Introdução
A pandemia da covid-19 legou efeitos dramáticos sobre todos os aspectos da organização social, impondo a diversas práticas a necessidade de importantes adaptações e limitações em nome da vida. A prática psicanalítica inscreve-se entre as atividades atingidas por essa crise global. No contexto deste cenário, os autores deste artigo reuniram-se a partir do dispositivo do cartel, tendo no lugar de +1, o psicanalista Benoît Pascal Rémi Le Bouteiller, para colocar em questão a clínica no isolamento social, estando o próprio cartel submetido a tais condições de trabalho, isto é, constituído e sustentado de maneira on-line.
Neste contexto de grandes incertezas e perdas, ainda se mostra atual o texto quase centenário O mal-estar na civilização, em que Freud ([1930] 1974) enumera as formas de sofrimento a que os sujeitos estão submetidos. Entre essas formas, ele cita o decorrente do nosso corpo “condenado à decadência e à dissolução” (Freud [1930] 1974, p. 95). Essa condição se apresenta agora exposta de forma crua, desvelada pela possibilidade de perdermos tanto a nossa vida quanto a de quem amamos.
Ainda nesse texto, ele nos lembra que nunca seremos capazes de dominar completamente a natureza e o nosso corpo, que somos finitos em nossa capacidade de adaptação. Assim, nos vemos diante das limitações físicas, das nossas incapacidades de lidar com a natureza, e cara a cara com a possibilidade da morte. Morte que não pode ser olhada de frente, mas que, todos os dias, comparece de forma massiva pelo ciframento em números e gráficos, cujo luto pode ser dificultado pela supressão dos ritos fúnebres em função das demandas sanitárias vigentes.

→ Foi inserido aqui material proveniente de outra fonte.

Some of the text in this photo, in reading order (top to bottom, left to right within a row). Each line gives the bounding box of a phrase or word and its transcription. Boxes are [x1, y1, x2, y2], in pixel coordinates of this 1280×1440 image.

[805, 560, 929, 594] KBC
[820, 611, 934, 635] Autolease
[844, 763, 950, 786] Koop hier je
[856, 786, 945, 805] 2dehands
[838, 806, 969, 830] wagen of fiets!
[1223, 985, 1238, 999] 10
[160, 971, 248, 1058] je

Sobre a psicanálise em contextos tão específicos, Jorge Broide, ao prefaciar o livro As clínicas públicas de Freud, de Elizabeth Ann Danto (2019), menciona que os antecessores da psicanálise, inclusive o próprio Freud, não temeram inventar dispositivos para as “psicanálises nas situações sociais críticas”. E acrescenta:
Nesse processo havia muito debate sobre como abordar as questões e a construção de diferentes dispositivos, mas em nenhum momento do livro surgem expressões tais como “isso não é psicanálise” ou “isso não é clínica”. Ia-se ao campo e debatia-se com profundidade (Broide, 2019, p. 7).
Essa referência histórica da psicanálise forneceu-nos um direcionamento para um possível tratamento das nossas questões: “ir a campo e debater”. Alimentados por essa proposta e tendo como horizonte os textos de Freud e Lacan, além de alguns comentadores da atualidade, a primeira questão que se impôs foi como tratar de algo que ocorre de forma coincidente com o tempo da nossa discussão.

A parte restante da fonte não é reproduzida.